LOS ANGELES, CA / ACCESS Newswire / June 30, 2026 / WhatColorsSuitMe.com today launched an AI personal color analysis platform that delivers seasonal palette recommendations from a single selfie. The platform is operated by Real Tested Inc. and applies image analysis to hair, eye, and skin coloration before mapping the user to one of the 12 classic seasonal subtypes within the Spring, Summer, Autumn, and Winter framework.
The system asks for a front-facing photo taken in natural light against a neutral background, with specific guidance to avoid common pitfalls. Users should remove makeup, ensure even lighting without shadows across the face, and avoid filters or heavy editing. The platform samples pixel data from the cheek, forehead, lip, iris, and hair zones, then computes undertone, value, and chroma. The output is a primary season, a sub-season such as True Winter, Bright Spring, or Soft Autumn, and a 36-color personal palette rendered as a downloadable PNG showing exact hex codes for digital reference.
Each palette includes a wardrobe-pairing view showing which neutrals to anchor on, a metals view covering silver, gold, rose gold, and mixed metallics, and a hair-color recommendation calibrated to the user's natural value range with visual swatches.

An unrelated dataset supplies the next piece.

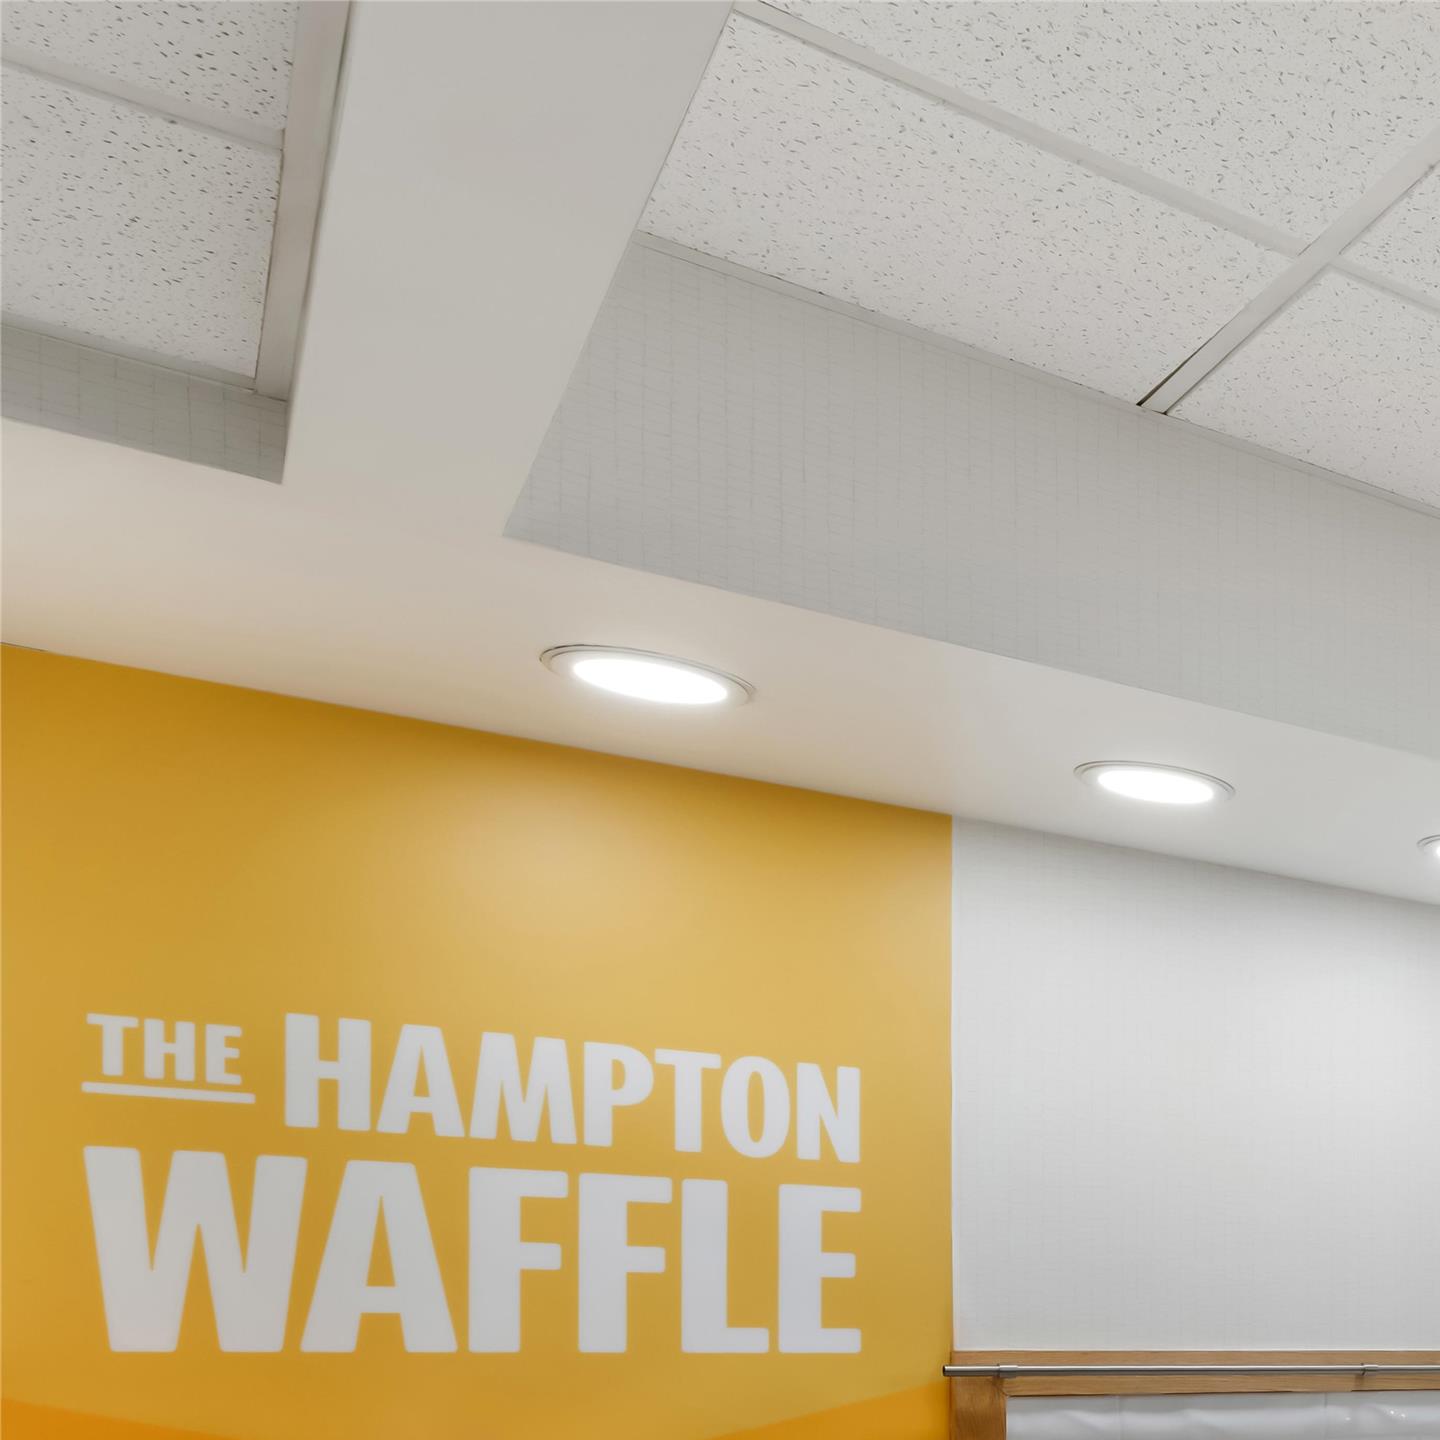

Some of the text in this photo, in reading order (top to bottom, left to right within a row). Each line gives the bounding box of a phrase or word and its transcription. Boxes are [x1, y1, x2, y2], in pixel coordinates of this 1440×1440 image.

[86, 1013, 861, 1163] THE HAMPTON
[83, 1146, 862, 1353] WAFFLE

The makeup module recommends foundation undertones, lipstick families like cool-toned nudes for Summer or warm terracottas for Autumn, and eyeshadow palettes matched to the sub-season result. The launch dataset is built on more than 25,000 manually-labeled color-draping reference photographs and accepts inputs in 14 languages. A quiz-only fallback path is offered for users unable to supply a usable photo.
Professional color draping consultations typically cost $150 to $500 per session in the United States and require in-person studio visits under controlled lighting. AI color analysis has emerged as a high-volume search category in 2026 as consumers test ChatGPT and similar tools against the same question, with mixed results that often fail to distinguish a True Winter from a Deep Winter or a Bright Spring from a Light Spring. WhatColorsSuitMe.com addresses that gap by training on labeled draping photographs rather than text prompts and by publishing the sub-season distinction visibly in every result. Unlike competing tools that stop at a primary season, this platform emphasizes the 12-subtype framework, with each subtype carrying distinct color characteristics and palette ranges.

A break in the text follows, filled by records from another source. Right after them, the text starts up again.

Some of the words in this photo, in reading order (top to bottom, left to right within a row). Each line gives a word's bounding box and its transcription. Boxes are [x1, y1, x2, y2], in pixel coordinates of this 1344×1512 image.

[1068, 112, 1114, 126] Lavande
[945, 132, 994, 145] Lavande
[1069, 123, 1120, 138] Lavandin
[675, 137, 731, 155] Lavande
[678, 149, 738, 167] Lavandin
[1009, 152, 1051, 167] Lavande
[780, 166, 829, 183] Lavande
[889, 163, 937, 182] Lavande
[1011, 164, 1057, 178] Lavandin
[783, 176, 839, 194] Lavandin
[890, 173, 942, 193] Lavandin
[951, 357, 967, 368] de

"Most AI color tools tell you that you are a Winter and stop there," said the editorial lead at WhatColorsSuitMe.com. "Winter is four different palettes. Getting the sub-season right is the difference between a wardrobe that works and a wardrobe full of items that almost work."
FAQ
How do I take the best photo for accurate analysis?
Upload a front-facing selfie in even natural light, ideally near a window on an overcast day or in soft outdoor shade. Use a neutral background, remove makeup, and avoid filters or editing. Position your face straight to the camera without tilting, and ensure your hair is pulled back from your face so the system can sample cheek and forehead zones clearly. Poor lighting, heavy shadows, or angled poses are the most common reasons for suboptimal results.

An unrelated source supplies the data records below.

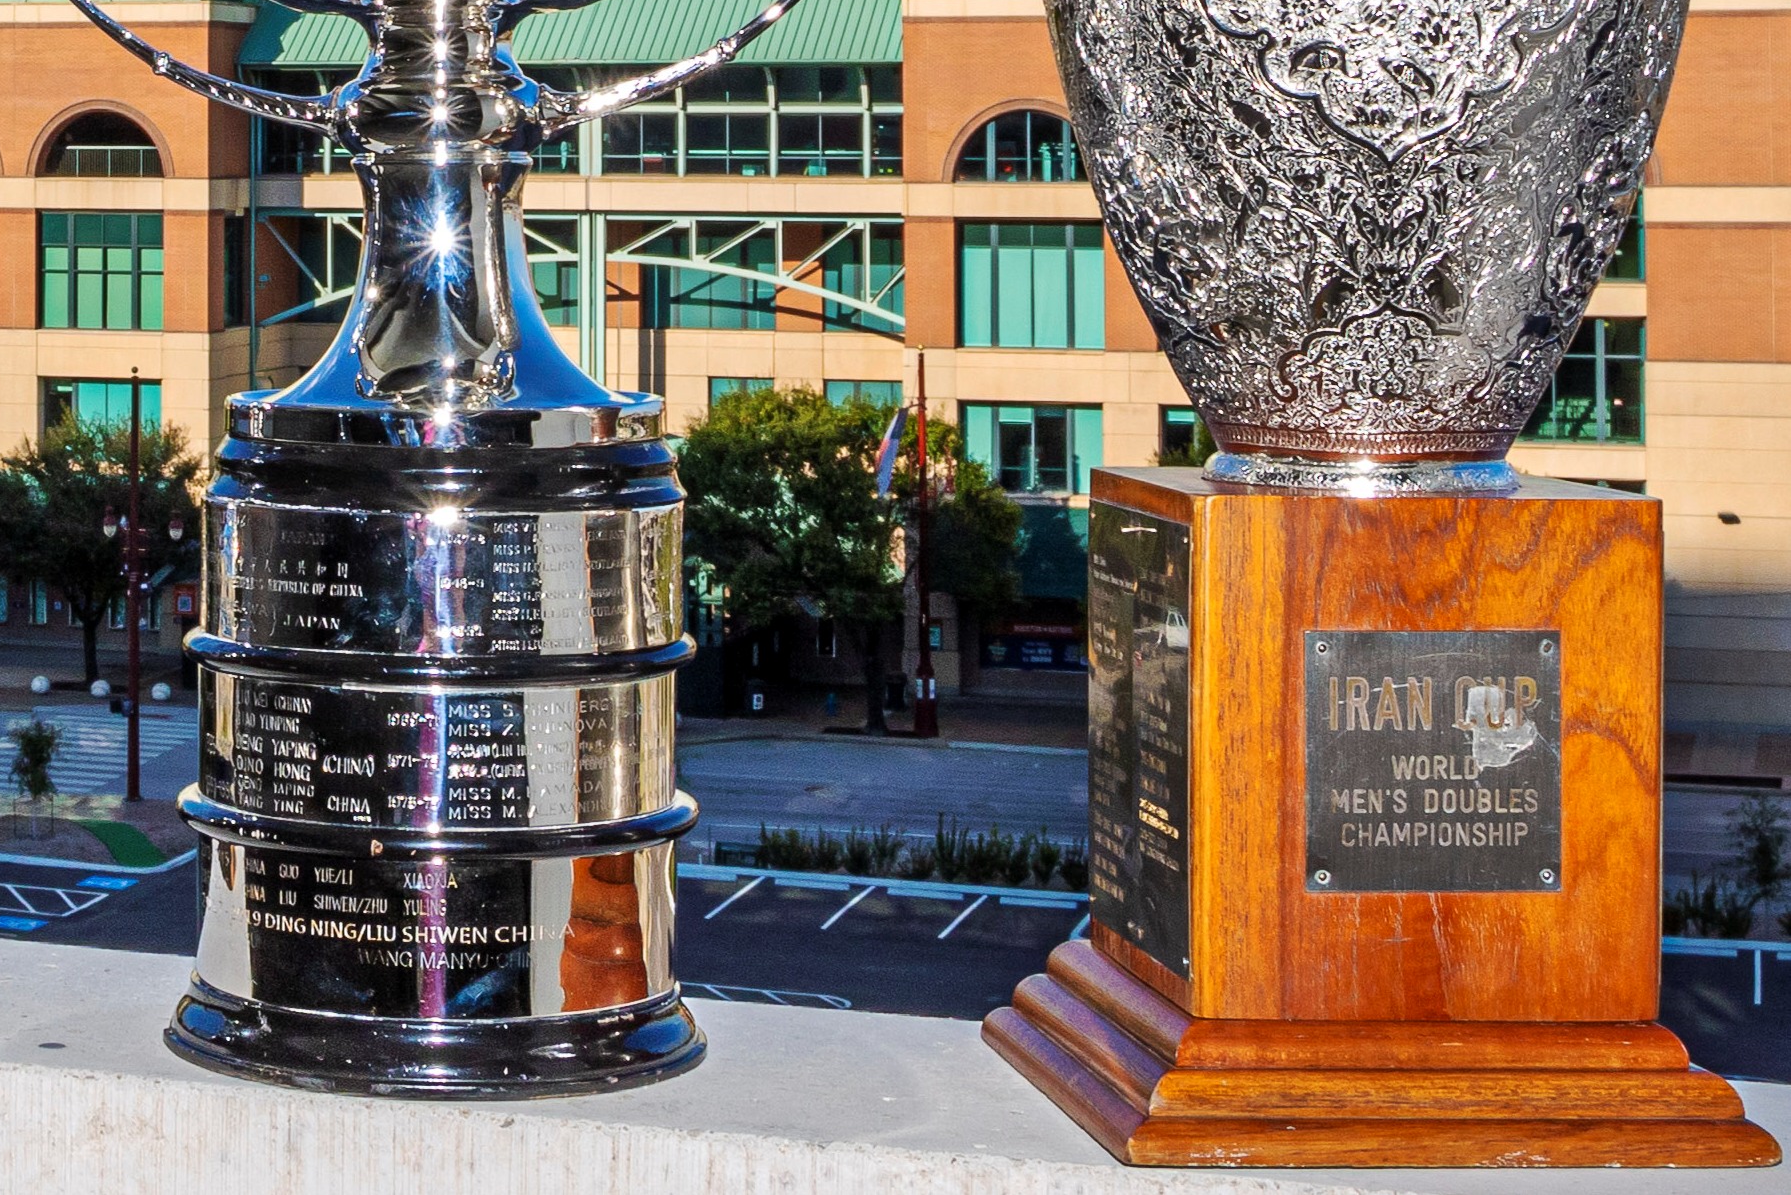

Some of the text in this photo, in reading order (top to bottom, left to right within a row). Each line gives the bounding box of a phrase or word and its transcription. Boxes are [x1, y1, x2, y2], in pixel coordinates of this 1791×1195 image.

[492, 544, 521, 556] MISS
[492, 562, 521, 574] MISS
[492, 590, 521, 603] MISS
[282, 613, 341, 631] JAPAN
[273, 694, 312, 715] (CHINA)
[447, 704, 492, 719] MISS
[1328, 675, 1538, 732] IRAN CUP
[447, 723, 492, 737] MISS
[235, 732, 264, 754] DENG
[271, 738, 318, 761] YAPING
[273, 761, 312, 782] HONG
[322, 754, 376, 778] (CHINA)
[1390, 754, 1480, 781] WORLD
[273, 782, 316, 798] YAPING
[447, 787, 492, 801] MISS
[273, 794, 372, 815] YING CHINA
[1330, 788, 1540, 815] MEN'S DOUBLES
[447, 804, 492, 821] MISS
[1340, 821, 1529, 848] CHAMPIONSHIP
[244, 857, 266, 876] HINA
[278, 863, 300, 879] GUO
[313, 866, 354, 886] YUE/LI
[244, 884, 448, 917] HINA LIU SHIWEN/ZHU YULING
[264, 912, 307, 934] DING
[310, 919, 398, 942] NING/LIU
[401, 924, 488, 945] SHIWEN
[494, 922, 576, 944] CHINA
[357, 948, 414, 969] WANG

What makes the 12-subseason approach different from basic seasonal analysis?
The 12-subtype framework divides each of the four seasons into three subtypes that capture finer gradations of undertone, value, and chroma. Deep Autumn differs from Soft Autumn in saturation and darkness; True Winter differs from Bright Winter in chroma. This granularity allows the platform to return a palette that matches your specific coloration rather than a broad seasonal bucket that may include colors outside your range.
How accurate is this compared to professional color draping?
Testing against in-person draping results shows match rates above 85 percent for users who follow photo guidelines. The system excels at identifying primary and sub-season placement when input quality is high. In-person draping retains an edge for borderline cases between two sub-seasons, since a trained colorist can iterate fabric swatches under controlled lighting in ways that single-photo analysis cannot replicate.
More information is available at whatcolorssuitme.com.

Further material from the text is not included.